The deadline for applications is 31 March 2016. Please fill in the electronic application form. PhD candidates should specify the topic of their project under 'Research interests'. PhD candidates get priority, but others with graduate studies from a relevant discipline may also apply. Please note that given the popularity of this course there are only few places left.

There is no participation fee, but the cost of transportation and accommodation must be covered by the participants. A limited number of stipends to cover basic accommodation at neighbouring Anker Hotel are available for PhD students who​​ do not have funding for such course participation through their universities or otherwise. If relevant, check the 'stipend' box in the application scheme.

If needed in order to make the necessary travel arrangements, PhD candidates who apply prior to the deadline may request an early evaluation of their application in an e-mail to Kristoffer Lidén (kristoffer@prio.no), with a cc. to Covadonga M. Bertrand (covi@prio.no). Please mark the e-mail [Dynamics of Civil War - early evaluation].

 

Course Literature:

The following three books – all available in paperback - should be acquired.

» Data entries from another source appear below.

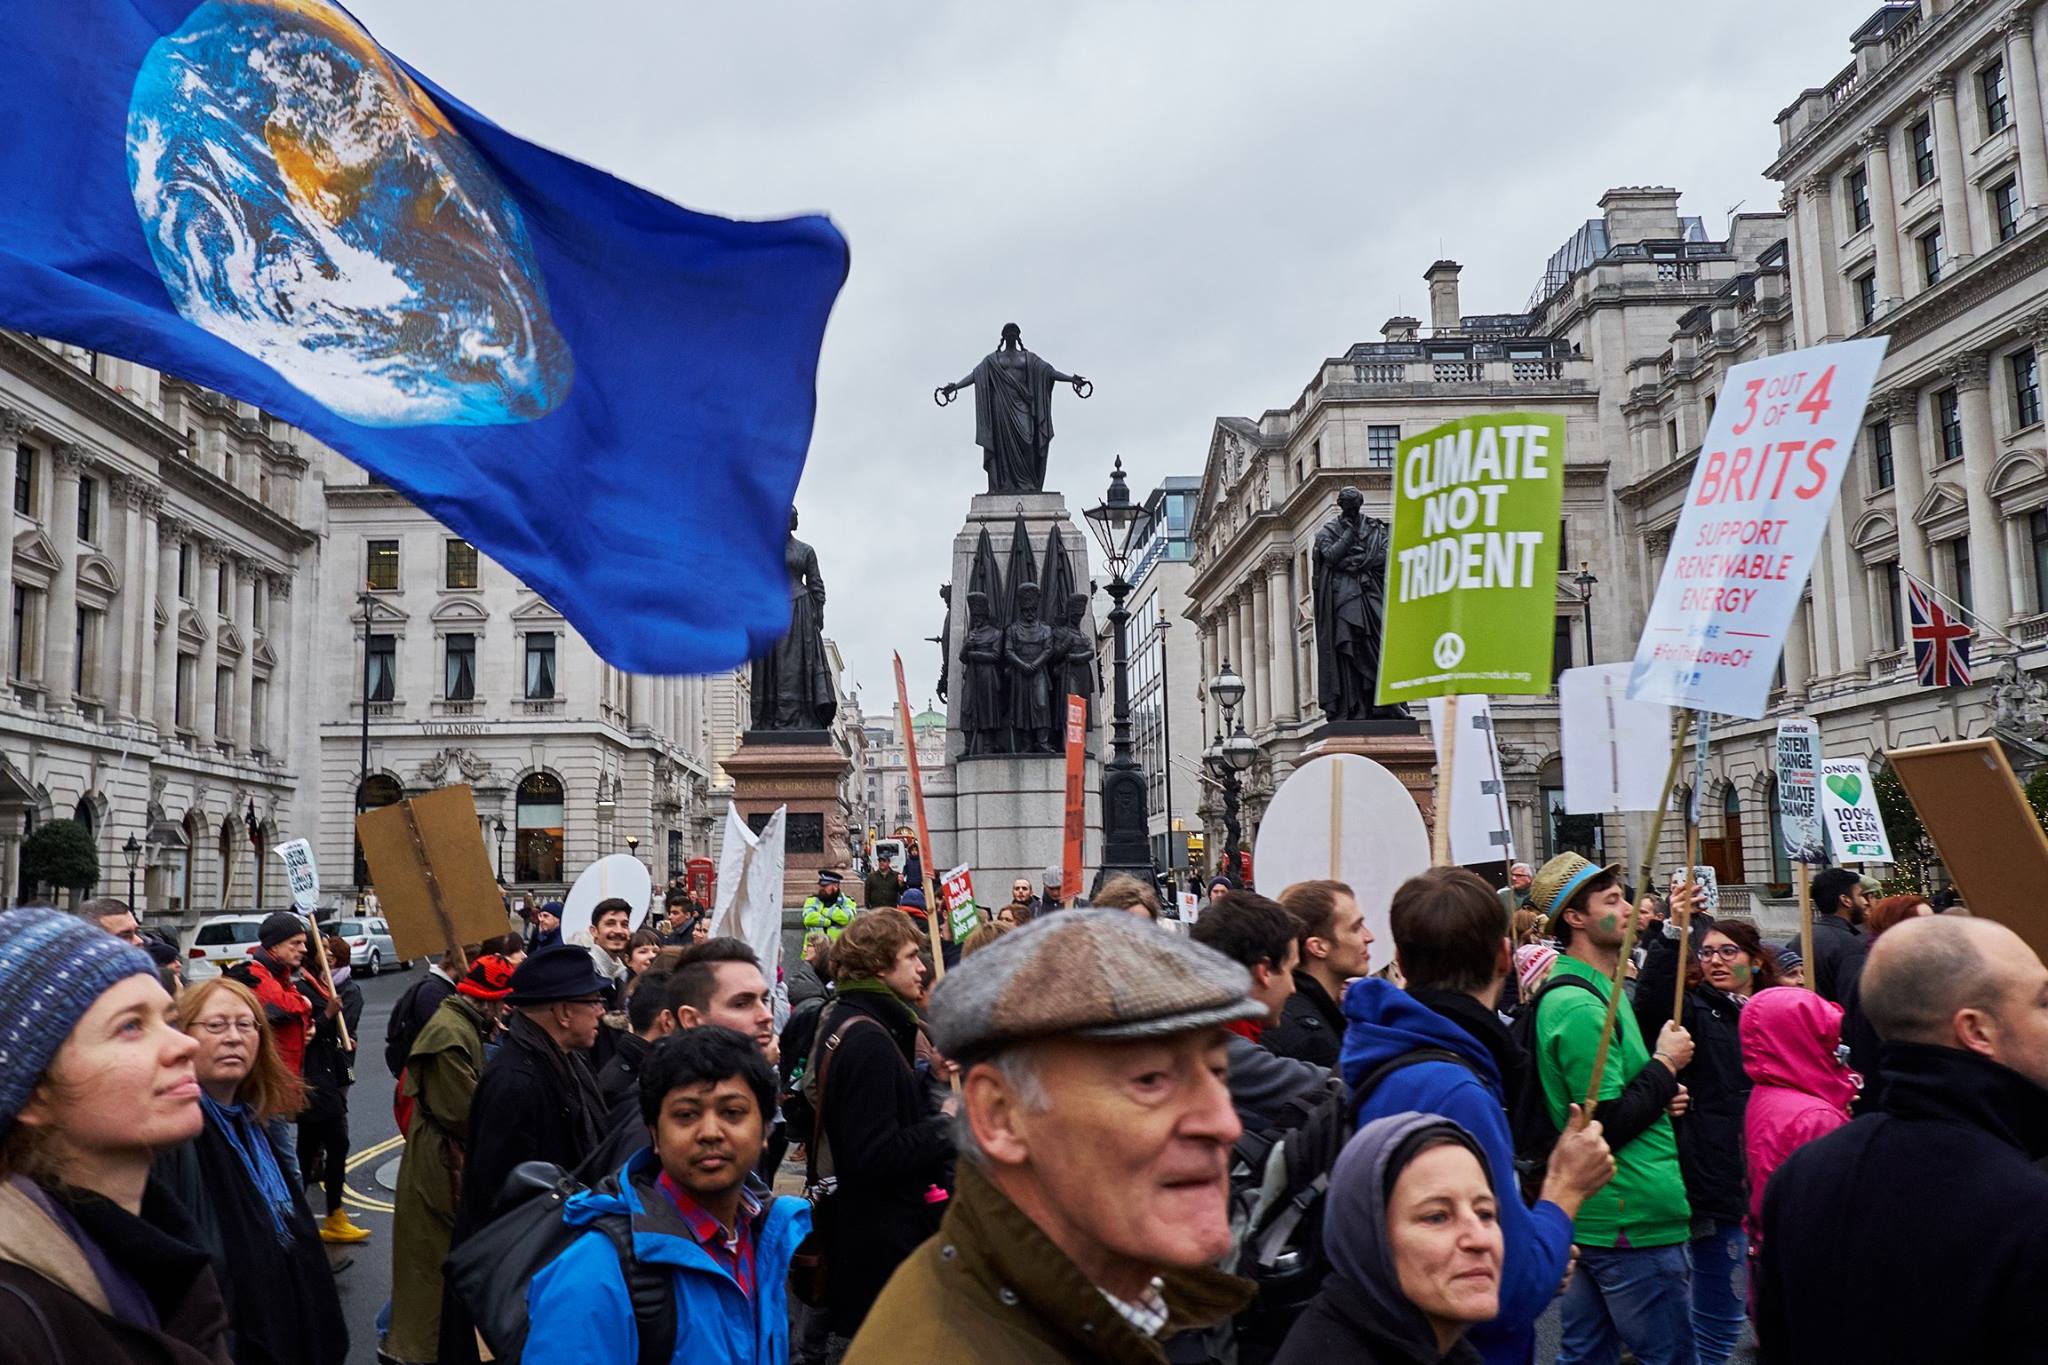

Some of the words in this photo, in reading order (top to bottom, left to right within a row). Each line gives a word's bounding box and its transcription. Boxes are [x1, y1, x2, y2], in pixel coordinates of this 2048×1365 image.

[1767, 372, 1808, 399] OUT
[1795, 364, 1836, 425] 4
[1732, 378, 1766, 435] 3
[1763, 403, 1791, 427] OF
[1403, 424, 1550, 500] CLIMATE
[1695, 438, 1837, 506] BRITS
[1422, 484, 1509, 538] NOT
[1696, 519, 1789, 547] SUPPORT
[1398, 531, 1544, 603] TRIDENT
[1675, 553, 1794, 580] RENEWABLE
[1679, 587, 1759, 614] ENERGY
[422, 724, 484, 737] VILLANDRY
[1778, 736, 1810, 753] SYSTEM
[1778, 753, 1813, 769] CHANGE
[1780, 784, 1816, 803] CLIMATE
[1780, 800, 1815, 818] CHANGE
[1834, 808, 1876, 821] 100%
[1839, 822, 1879, 832] CLEAN
[1843, 834, 1881, 843] ENERGY

Axelrod, Robert. The Evolution of Cooperation: Revised Edition (New York: Basic Books, 2006).

Cederman, Lars-Erik, Kristian Skrede Gleditsch, and Halvar​d Buhaug. Inequality, Grievances, and Civil War (Cambridge: Cambridge University Press, 2013).

Checkel, Jeffrey T., Editor, Transnational Dynamics of Civil War (Cambridge: Cambridge University Press, 2013).

Students should access most other assigned articles and chapters through their local libraries.  A selection of hard-to-get readings (unpublished or forthcoming essays) will be made available on the course web page by late April.